Change in weather gives crews more time to fight oil spill

By CURTIS MORGAN, ANITA LEE AND STEVE ROTHAUS

McClatchy Newspapers

GULFPORT, Miss. — Shifting and easing winds on Monday bought time for weather-beaten crews to bottle up and burn off a massive slick of rust-colored crude oil before it fouls fragile marshes and sugary beaches across four Gulf Coast states.

That reprieve, however, could also have a nasty ripple effect – pushing outlying plumes of polluted surface water and patches of tar balls into the Gulf of Mexico’s powerful loop current. That would propel the mess across the mangrove islands, seagrass beds and coral reefs of the Florida Keys, then up toward Miami Beach, Fort Lauderdale and beyond.

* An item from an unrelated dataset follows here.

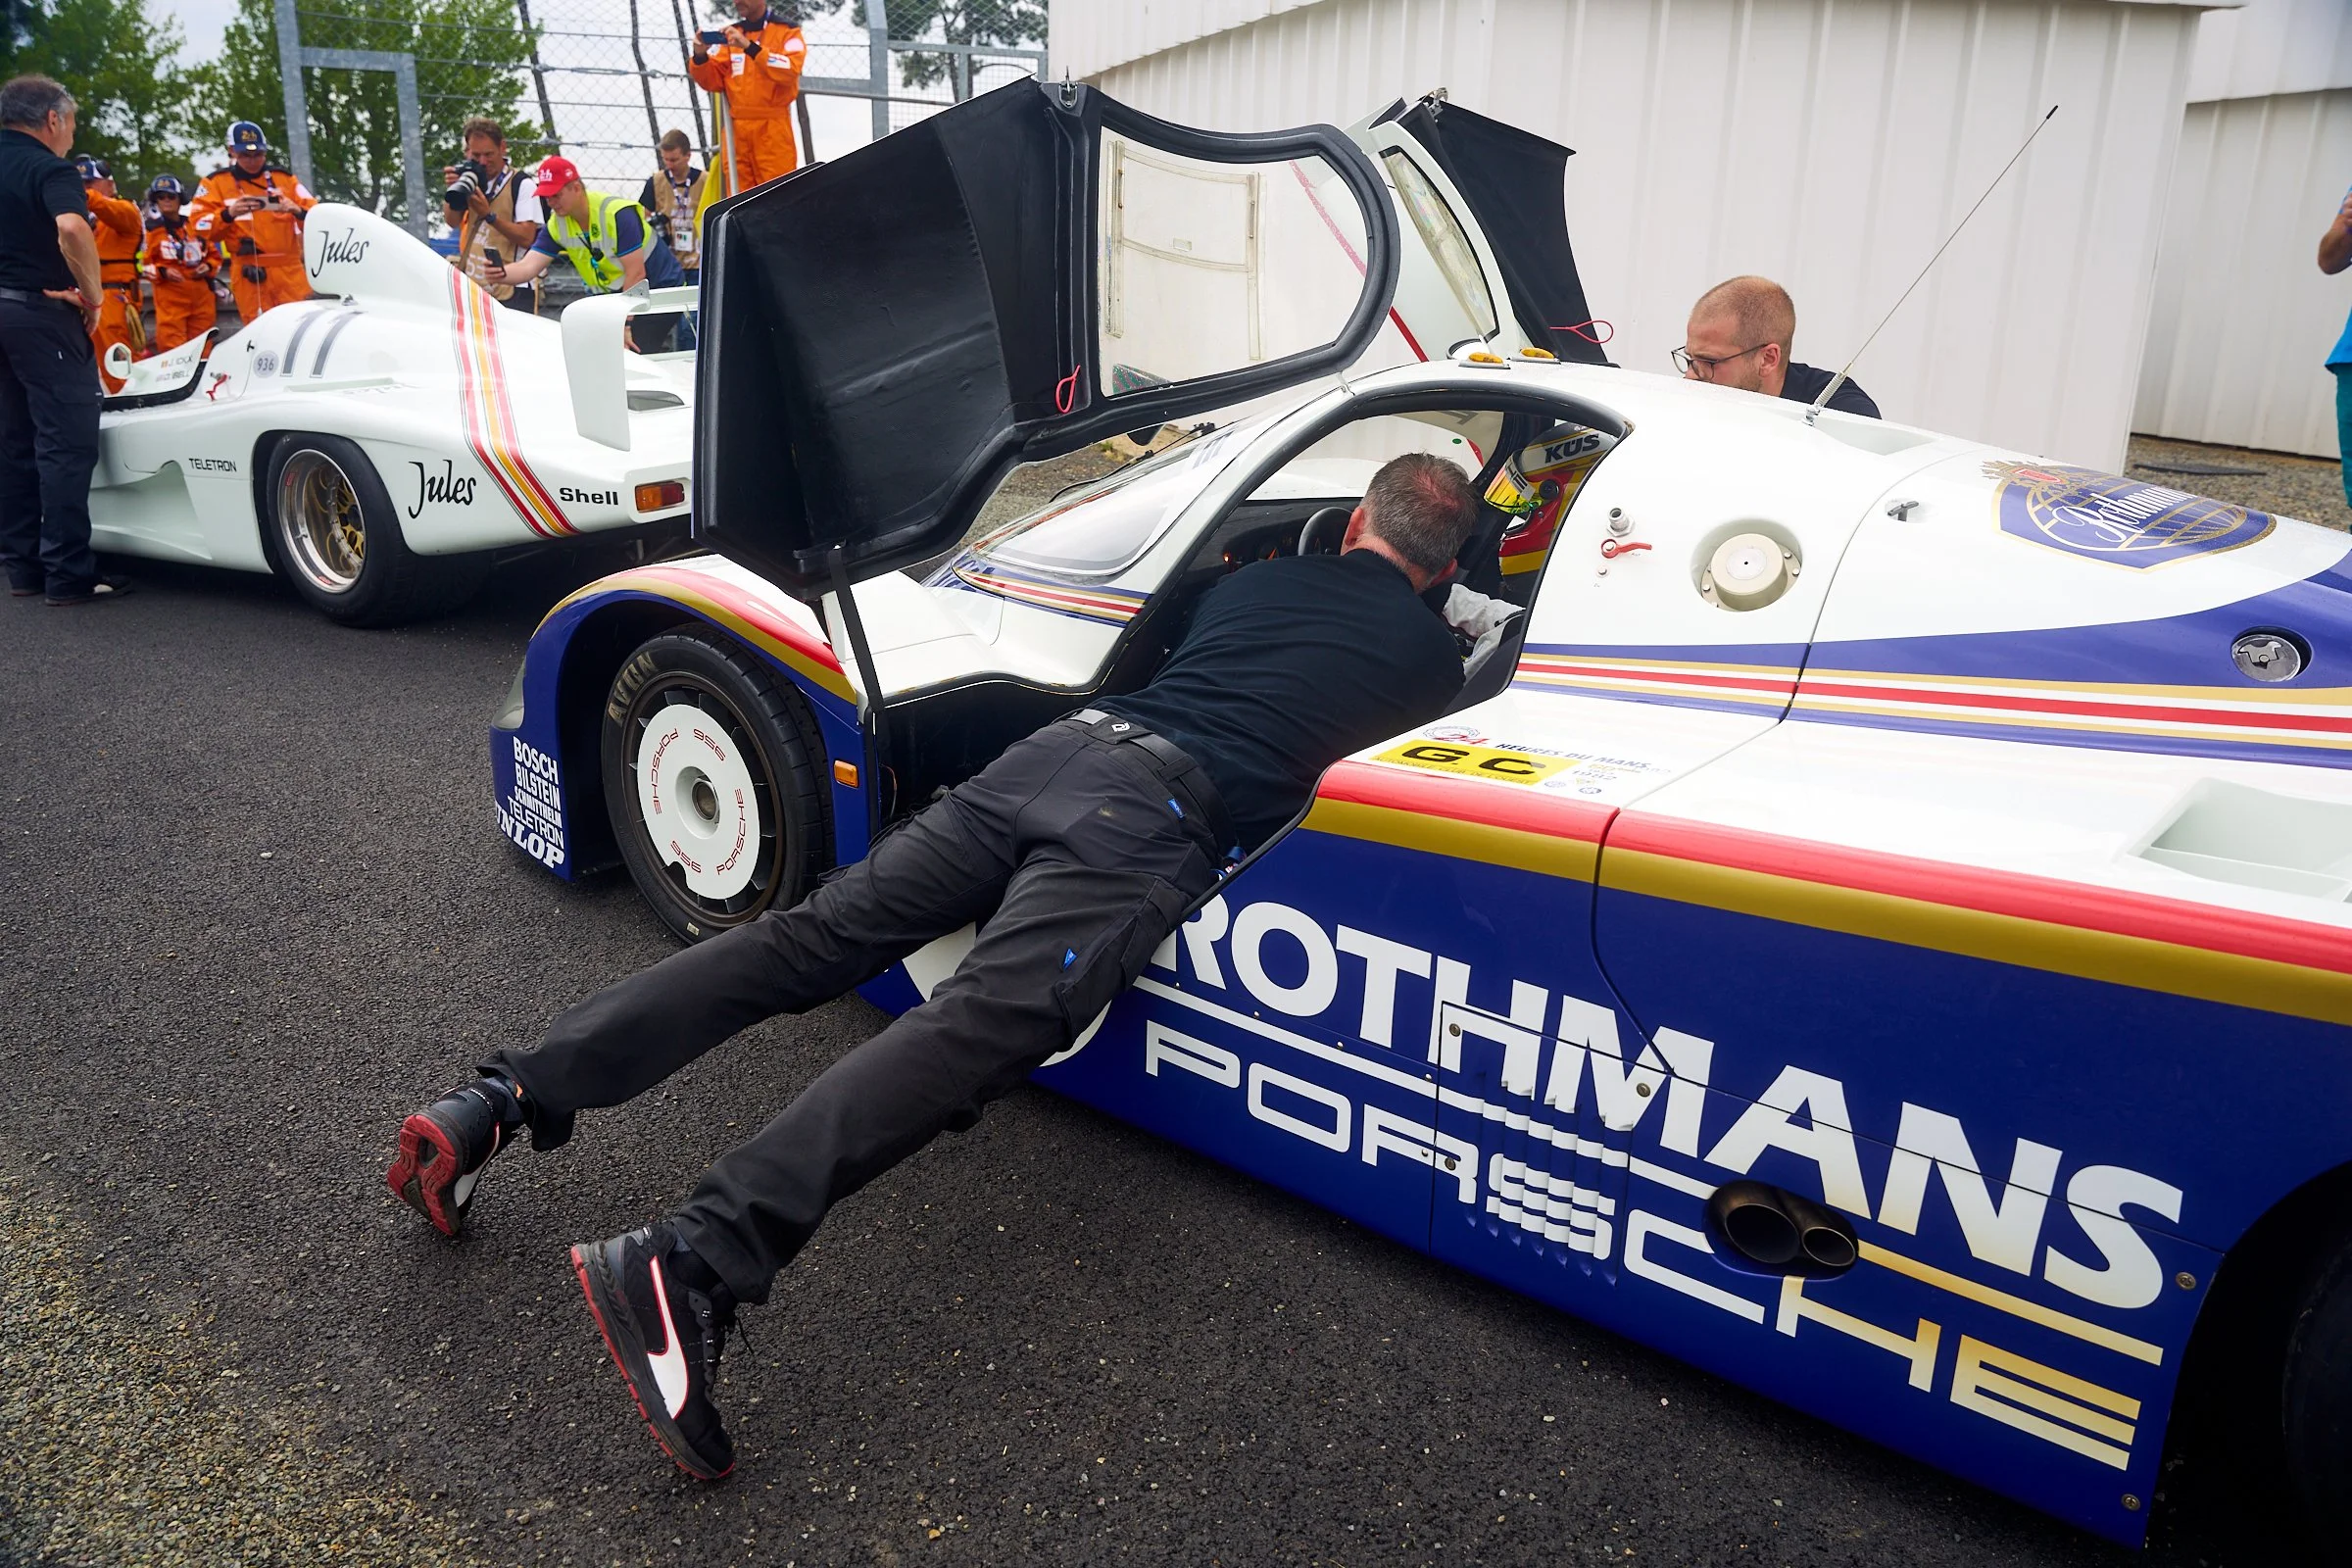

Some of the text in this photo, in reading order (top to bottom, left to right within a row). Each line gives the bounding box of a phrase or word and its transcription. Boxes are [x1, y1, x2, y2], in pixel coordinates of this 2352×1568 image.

Trajectories from the National Oceanic and Atmospheric Administration suggest the oil will remain offshore at least through Tuesday, and a University of Miami oceanographer said a weather front expected in 24 to 48 hours will likely begin pushing the spill away from the Gulf Coast and toward the loop current.

Chemical dispersants pumped into the Gulf near where the oil is spewing from the seafloor seemed to be helping to keep oil from floating to the surface, officials reported in a mid-afternoon briefing, but efforts to activate a shutoff valve underwater continued to be unsuccessful.

Meanwhile, BP officials said they’d try Tuesday to place the first of three 98-ton steel and concrete containment domes over one of the leaks in hopes of capturing the escaping oil and pumping it to an oil tanker. Officials said they hope that two other containment domes would be in place within the week.

The containment domes, however, aren’t certain to work, and preparations continued throughout the Gulf coast for environmental disaster.

“The magnitude of this spill is daunting,” said Michael Sole, Florida’s secretary of the Department of Environmental Protection, “We still have an ongoing release of some 5,000 barrels of oil occurring just 50 miles off Louisiana. It’s not like, ‘We had a spill. We’re cleaning it up, and it’ll be over.’ ”

Florida Gov. Charlie Crist on Monday added 13 more counties to his declaration of a state of emergency, bringing the total number of countries now threatened to 19.

“It is an enormous mess,” Crist said. “It is unbelievable, the magnitude of this thing. Clearly every effort needs to be put on plugging the hole up and stopping the bleeding.”

Attorneys general from the five Gulf Coast states also asked President Barack Obama to take legal steps necessary to lay blame for the massive Gulf oil leak.

Chris Bence, a spokesman for Alabama Attorney General Troy King, said a letter was prepared asking the president to clear the way for possible court action. Attorneys general from Florida, Mississippi, Louisiana and Texas also joined the request.

How serious the damage would eventually be from the spill was still anyone’s guess, however.

A flight over the spill found that the slick remains 35 to 55 miles off the Mississippi coast, but that it was clearly affecting the barrier islands off shore.

Patches of oil were clearly visible within the Chandeleur islands. Small patches of what appeared to be rust-colored oil were spotted in the channel between Cat Island and Ship Island, 11 miles south of Gulfport.

An island in the Chandeleurs surrounded with a pink anti-oil boom was covered with nesting birds.

Mississippi state officials said Monday that the oil had advanced 20 miles closer to the coast since Sunday. However, they said Coast Guard officials assured them that they’d get at least 72 hours’ notice before the oil threatens the coastline.